Cold-start ranking honors Offer.priority. When there is no adaptation data at any tier, every candidate lands on the 0.5 fallback. The rank node breaks these ties by descending Offer.priority, so a brand-new tenant with no interaction history still returns offers in a meaningful order (highest business priority first) rather than arbitrary insertion order. As interaction data accumulates, propensity scores separate and take over from the priority tie-break. The response also carries degradedScoring: true whenever candidates were scored on the flat fallback (or a formula method had no formula configured), so you can tell “flat-scored cold-start” from “real model separation.”

6c. Bandits write per-offer state

For thompson_bandit and epsilon_greedy, every /respond updates the bandit posterior at the chosen scope:

Thompson stores Beta(α, β). Convert → α += 1; dismiss → β += 1.
ε-greedy stores (pulls, totalReward). Every respond increments pulls; positive outcomes also increment totalReward.

Both update incrementally per-respond — no batch retrain needed.

7. PRIE-U arbitration — the final ranking score

When the flow’s scoring method is formula, the final per-candidate score is a weighted geometric mean across five dimensions:

score = P^Wp × R^Wr × I^Wi × E^We × max(0.01, 0.5 + τ/2)^Wu

where each dimension comes from a different source:

Letter	Dimension	Source
P	Propensity	Stage 6b’s hierarchical adaptation read
R	Relevance	`computeRelevance(candidate, context)` — channel match, recency, segment fit
I	Impact	Composite of `Offer.businessValue / margin / revenueValue`
E	Emphasis	`Offer.priority / 100` — manual business priority
U	Uplift	CATE estimate `τ = μ_T − μ_C` mapped to `max(0.01, 0.5 + τ/2)`
C	CLV	`clvNorm = clvScore / 100` from the customer’s CLV row, applied as extra `impact` emphasis

Wp, Wr, Wi, We (which sum to 1) plus the two optional exponent terms Wu (uplift) and Wclv (CLV) come from the active RankingProfile (tenant.settings.defaultRankingProfileId, or specified on the flow) or the inline Score-node formula. The profile weight keys uplift and clv now map straight into upliftWeight / clvWeight (previously upliftWeight was documented but stripped by validation — it is now reachable). Default Wu = 0 and Wclv = 0 keep the legacy 4-factor PRIE bit-identical (back-compat). When Wu > 0, persuadable offers (τ positive) get a multiplicative boost and sleeping-dog offers (τ negative) get suppressed. When Wclv > 0, the per-offer impact factor gets an extra exponent of Wclv × clvNorm, so high-CLV customers get up to Wclv extra impact emphasis; a customer with no CLV row is left untouched. For the detailed CATE math, T-learner / X-learner derivations, and the four uplift segments (persuadable / sure_thing / lost_cause / sleeping_dog), see /ai-ml/uplift-modeling. The PRIE composition draws on the recommender-systems literature where propensity (likelihood of conversion), relevance (channel/context match), business impact, and editorial emphasis are four axes that any multi-objective ranker must combine. The uplift dimension U is what differentiates a causal ranker from a predictive one — see /ai-ml/uplift-modeling for the references.

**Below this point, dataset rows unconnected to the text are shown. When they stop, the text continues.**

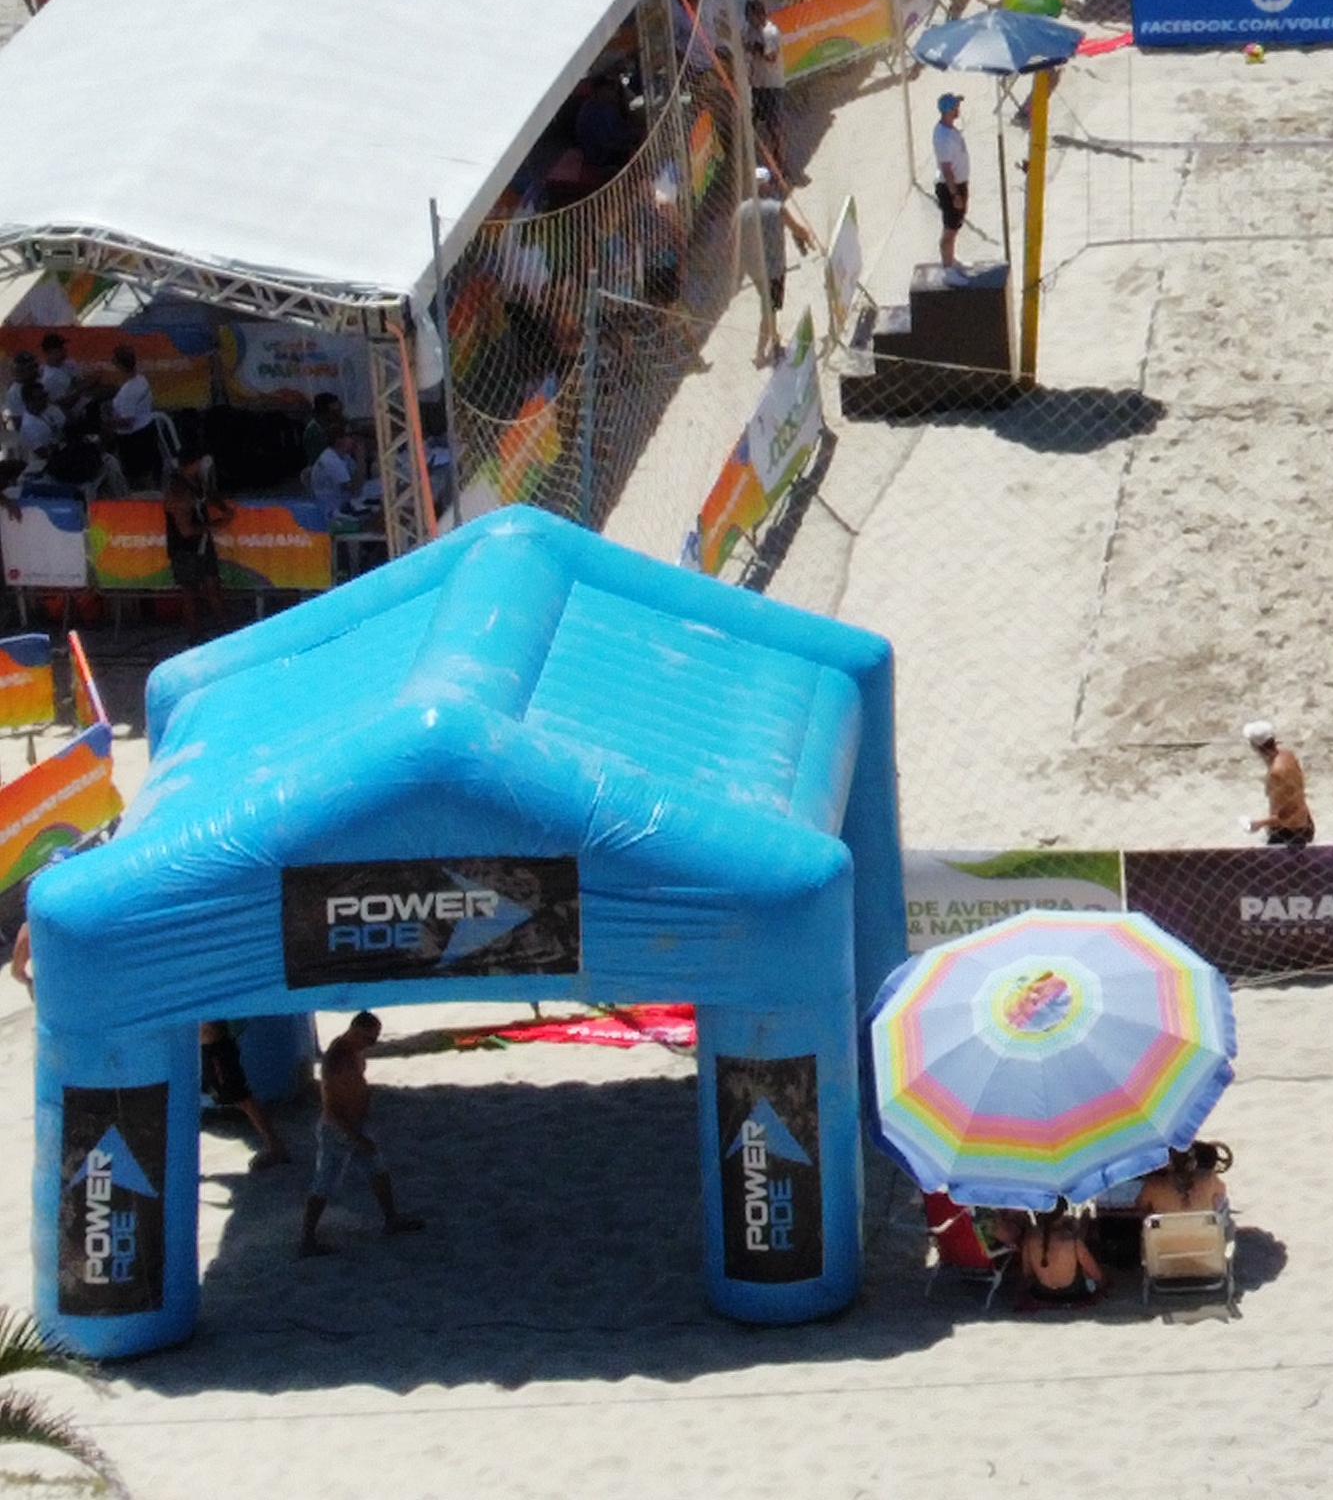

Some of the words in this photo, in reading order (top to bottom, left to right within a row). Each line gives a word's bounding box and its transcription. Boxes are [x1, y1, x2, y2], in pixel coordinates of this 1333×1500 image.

[326, 889, 499, 925] POWER
[908, 901, 939, 917] DE
[908, 920, 924, 935] &
[741, 1119, 770, 1252] POWER
[84, 1147, 114, 1285] POWER

8. Allocation — Hungarian or greedy

For multi-placement decisions (the group node in a decision flow), the engine has to assign offers to placement slots. Two strategies:

Hungarian: globally optimal assignment that maximizes the total score across all (offer, placement) pairs subject to constraints (one offer per slot, no offer repeated, channel coupling). O(n³). Default for premium accounts.
Greedy: fastest available offer wins; subsequent placements get the next-best. O(n log n). Used when latency budget is tight.

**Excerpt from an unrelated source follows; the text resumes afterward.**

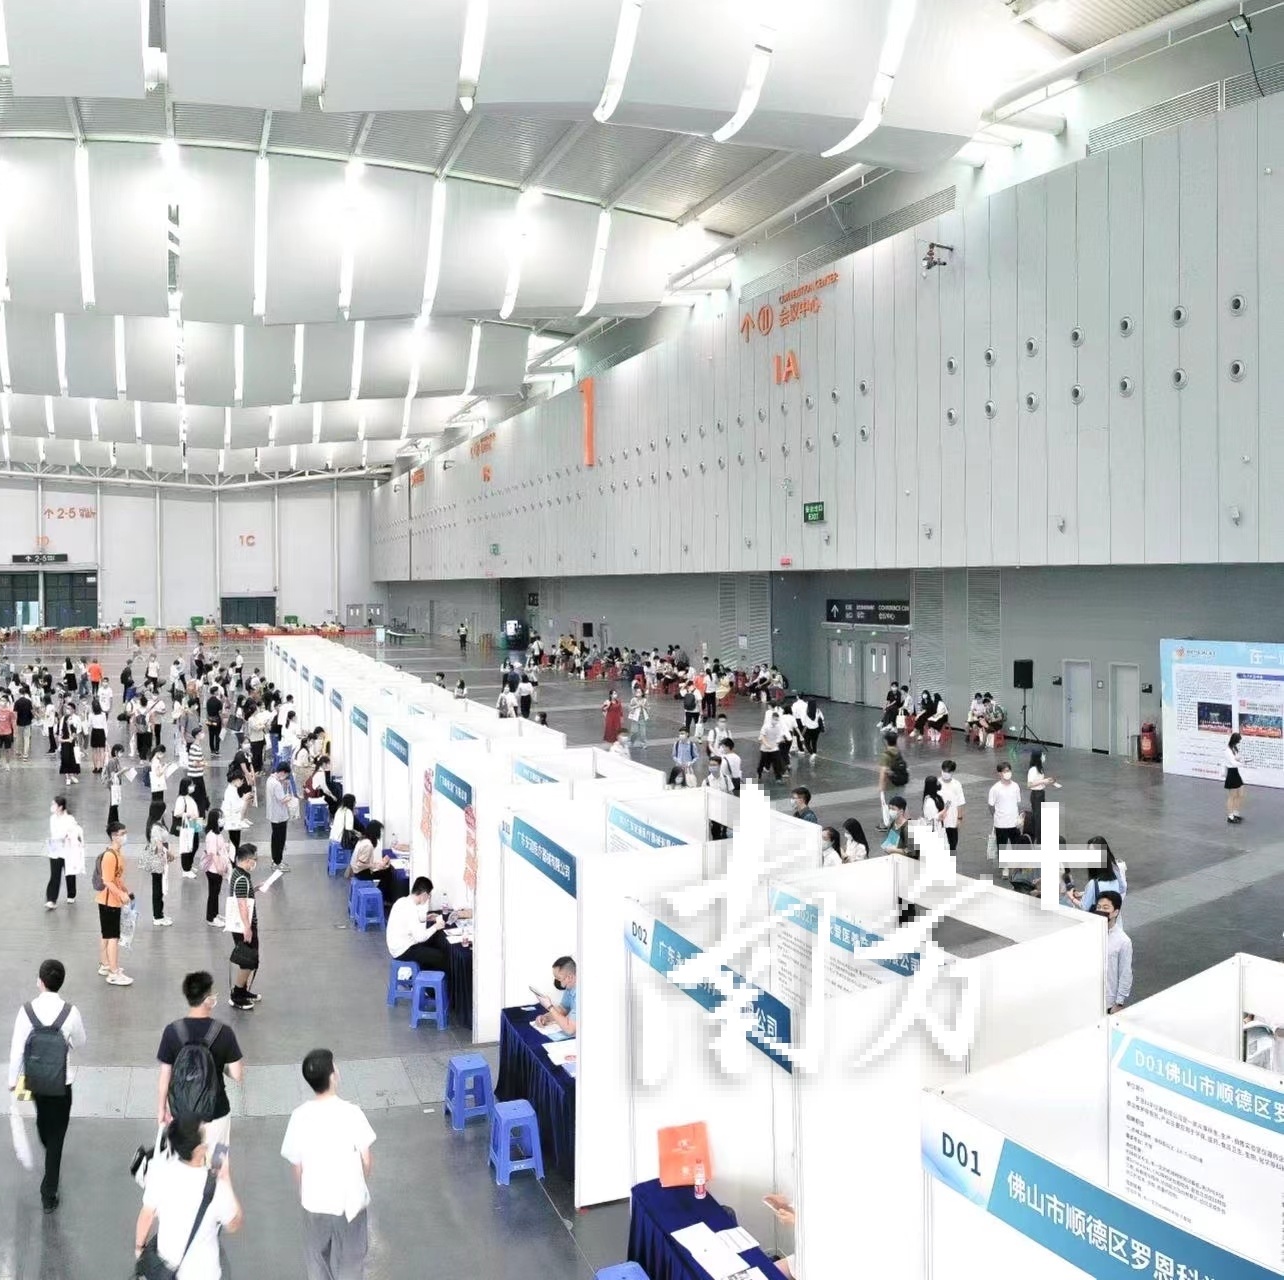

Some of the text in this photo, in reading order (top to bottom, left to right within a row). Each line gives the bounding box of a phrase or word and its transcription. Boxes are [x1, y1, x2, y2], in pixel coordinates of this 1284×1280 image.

After allocation, the channel atomic coupling pass applies: if any placement on a channel with couplingMode: "atomic" is empty (couldn’t find a viable offer), the engine empties the ENTIRE channel — so a half-rendered email never goes out. The flow’s couplingOverride lets you toggle this per-flow.

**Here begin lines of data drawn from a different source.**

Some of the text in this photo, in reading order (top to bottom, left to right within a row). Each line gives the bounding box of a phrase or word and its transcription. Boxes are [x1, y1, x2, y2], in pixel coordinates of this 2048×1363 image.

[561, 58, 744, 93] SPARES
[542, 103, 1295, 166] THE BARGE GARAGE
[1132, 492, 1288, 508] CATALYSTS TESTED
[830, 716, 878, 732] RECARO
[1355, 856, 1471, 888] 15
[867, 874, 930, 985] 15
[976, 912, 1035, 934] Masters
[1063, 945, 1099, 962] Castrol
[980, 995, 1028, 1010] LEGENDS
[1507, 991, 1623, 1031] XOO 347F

Bookkeeping — what gets persisted

Before the response returns, the engine writes:

One recommendation-type interaction_history row per returned decision — via the new persistDecisionInteractions helper (Bug #248 fix). This is the audit join key the /respond route uses to bind a {customerId, rank} pair back to the (offerId, creativeId, channelId) that was actually shown.
One impression-type interaction_history row per decision delivered on a channel where impressionMode != "explicit" — for channels we send (email, batch), the impression is auto-recorded. For client-rendered channels (web, mobile push), the impression isn’t recorded until the client calls /api/v1/impressions.
One decision_trace row with the full forensic chain: qualification results, contact policy decisions, scoring results (with propensitySource, upliftTau, upliftMultiplier, and — when the CLV term is active — clvNorm / clvImpactExponent per candidate), selected offers, ranking weights used, experiment assignment if any, inputsHash, totalLatencyMs. Sampled per tenant.settings.decisionTraceSampleRate.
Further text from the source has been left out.